Each entry below should be restated word for word, without any picture it contains.

> LISTED ENTRIES:
· · · · · · ·

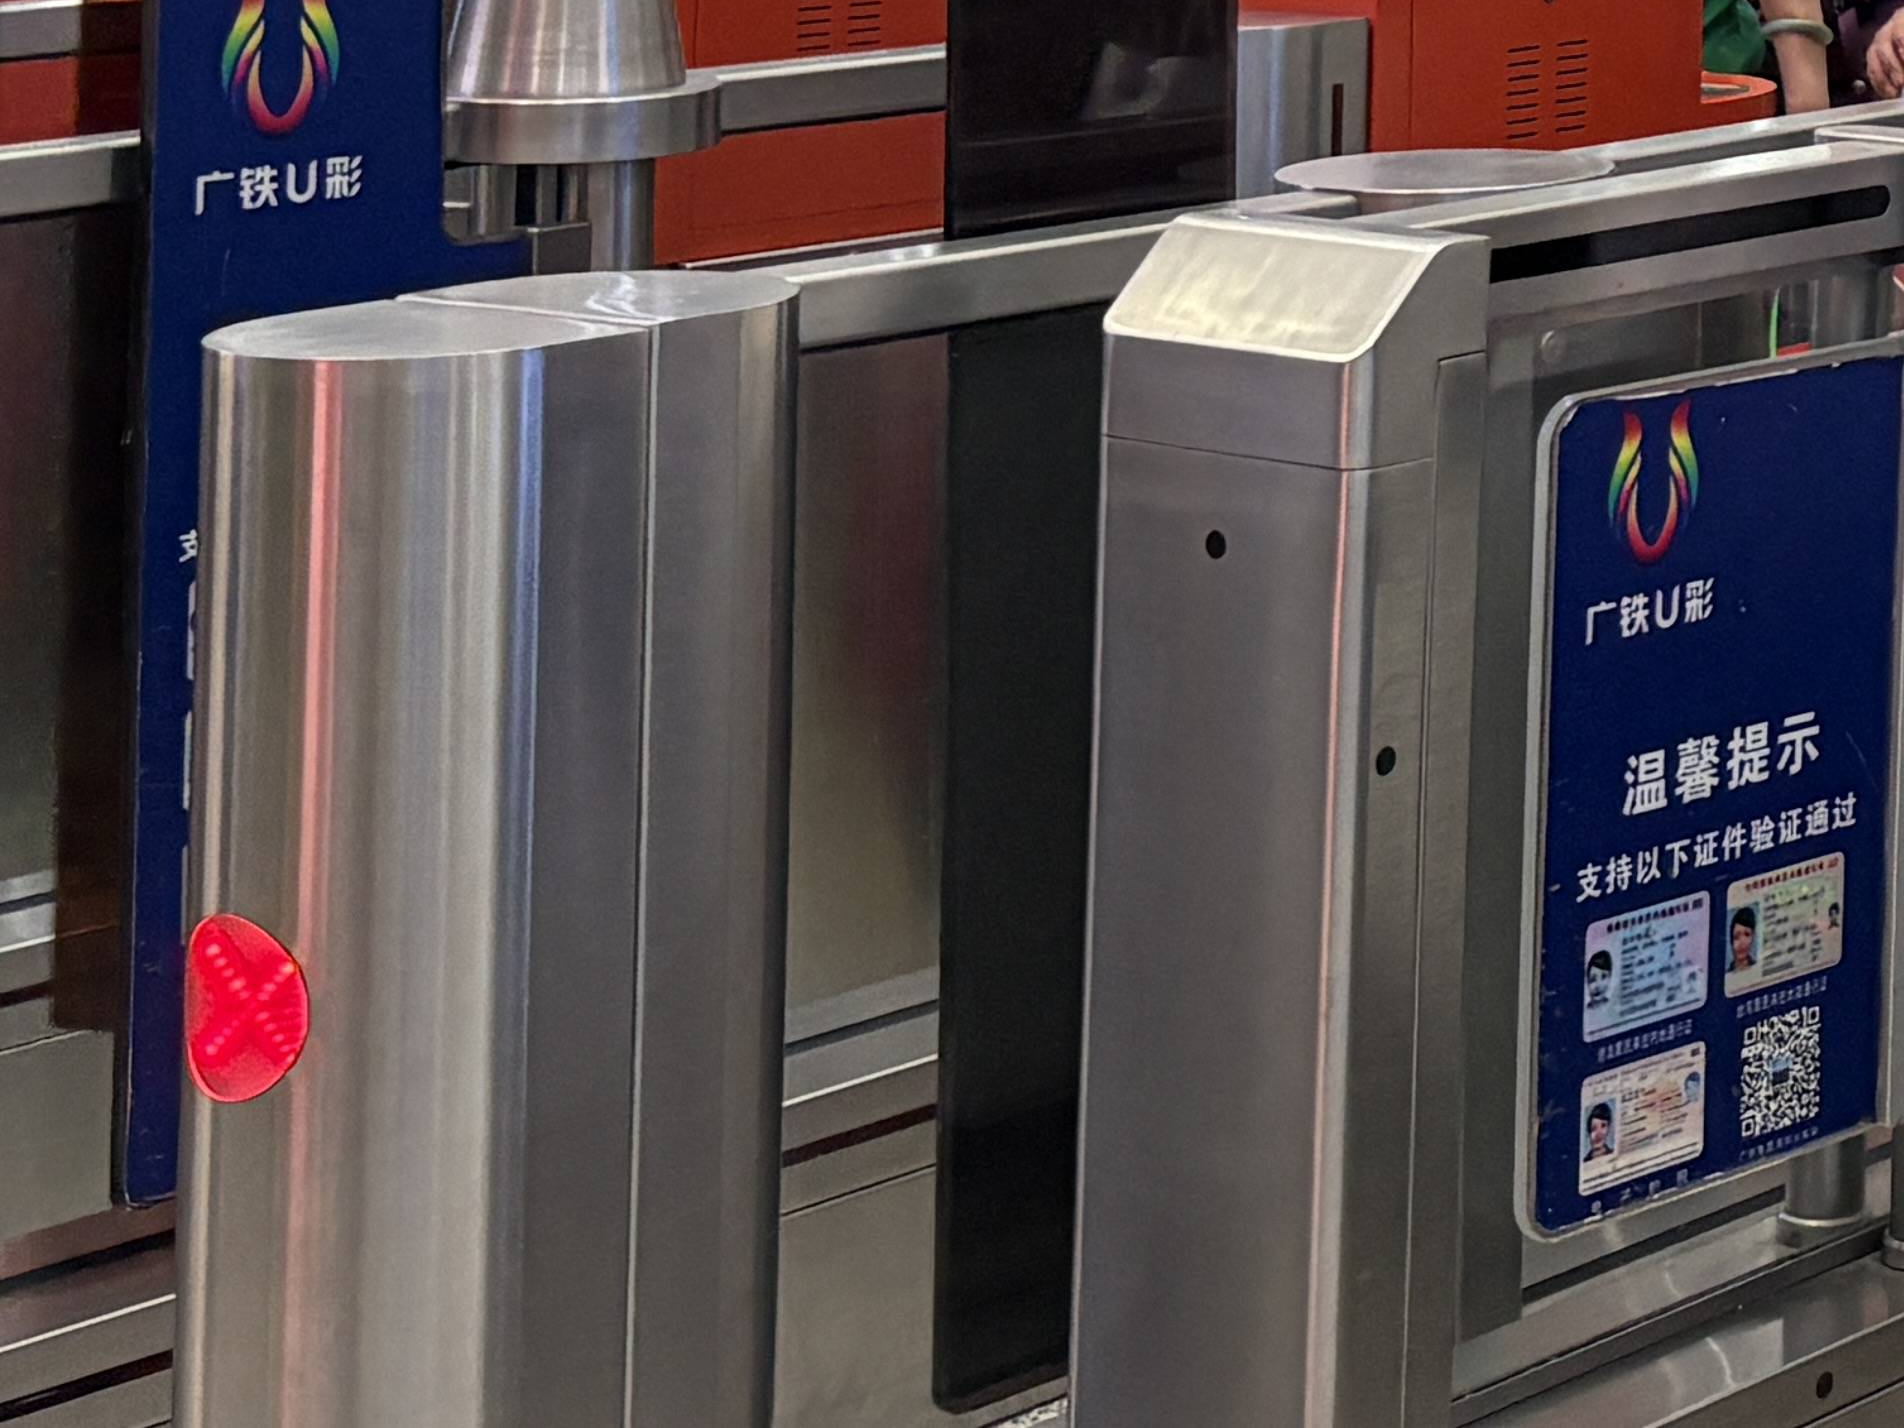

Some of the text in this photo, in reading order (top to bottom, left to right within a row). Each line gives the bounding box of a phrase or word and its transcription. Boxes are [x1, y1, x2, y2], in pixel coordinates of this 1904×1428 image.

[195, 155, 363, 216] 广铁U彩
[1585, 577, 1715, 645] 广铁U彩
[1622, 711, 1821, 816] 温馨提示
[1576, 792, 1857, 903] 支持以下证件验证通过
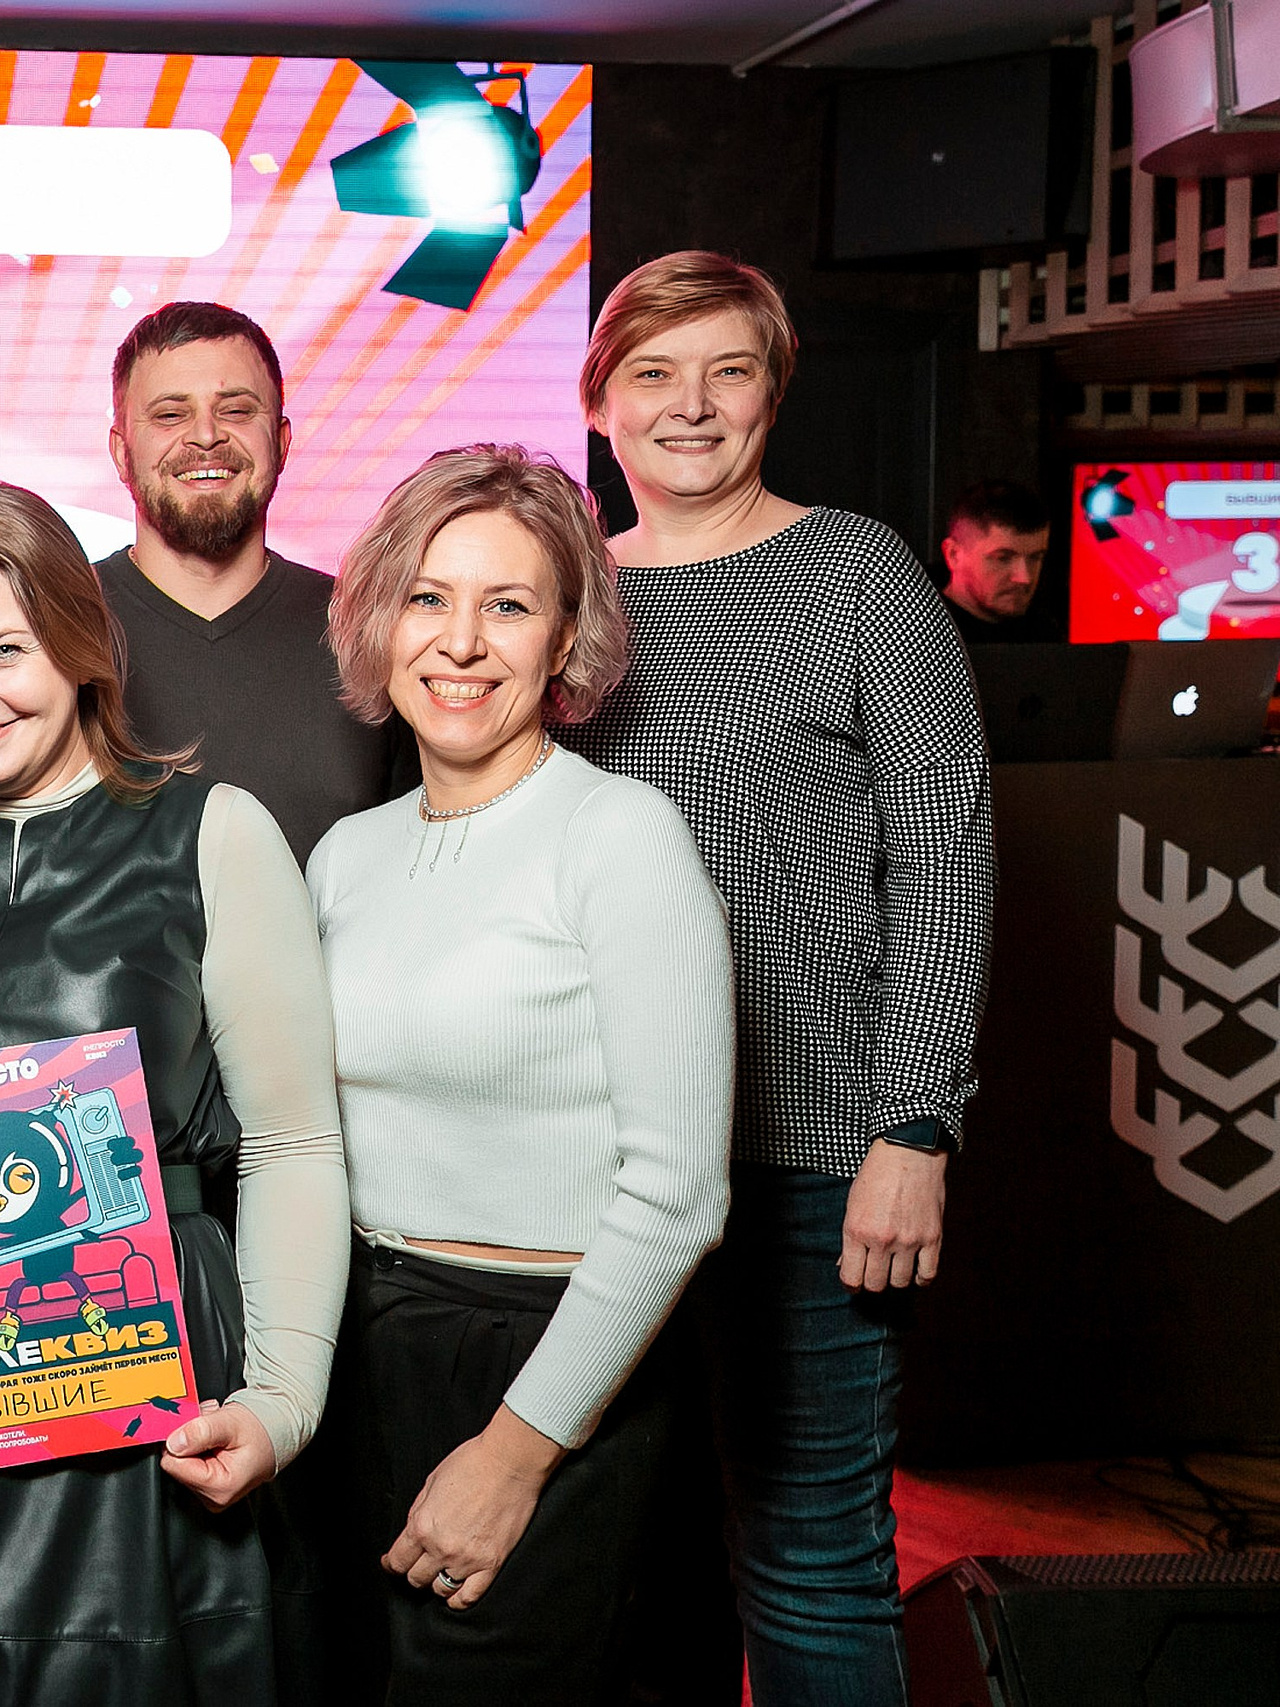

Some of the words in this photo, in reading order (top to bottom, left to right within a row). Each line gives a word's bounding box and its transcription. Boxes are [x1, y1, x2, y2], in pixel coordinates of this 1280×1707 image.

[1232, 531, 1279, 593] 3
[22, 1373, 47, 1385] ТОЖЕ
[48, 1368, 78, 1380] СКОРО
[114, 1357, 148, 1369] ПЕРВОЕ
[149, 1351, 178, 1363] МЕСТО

· · · · · · ·

> SOLUTION TO THIS TASK:
Some of the text in this photo, in reading order (top to bottom, left to right within a row). Each line gives the bounding box of a phrase or word and its transcription. Boxes are [x1, y1, x2, y2], in pixel coordinates of this 1904×1428 image.

[195, 155, 363, 216] 广铁U彩
[1585, 577, 1715, 645] 广铁U彩
[1622, 711, 1821, 816] 温馨提示
[1576, 792, 1857, 903] 支持以下证件验证通过

Some of the words in this photo, in reading order (top to bottom, left to right within a row). Each line gives a word's bounding box and its transcription. Boxes are [x1, y1, x2, y2], in pixel coordinates of this 1280×1707 image.

[1232, 531, 1279, 593] 3
[22, 1373, 47, 1385] ТОЖЕ
[48, 1368, 78, 1380] СКОРО
[114, 1357, 148, 1369] ПЕРВОЕ
[149, 1351, 178, 1363] МЕСТО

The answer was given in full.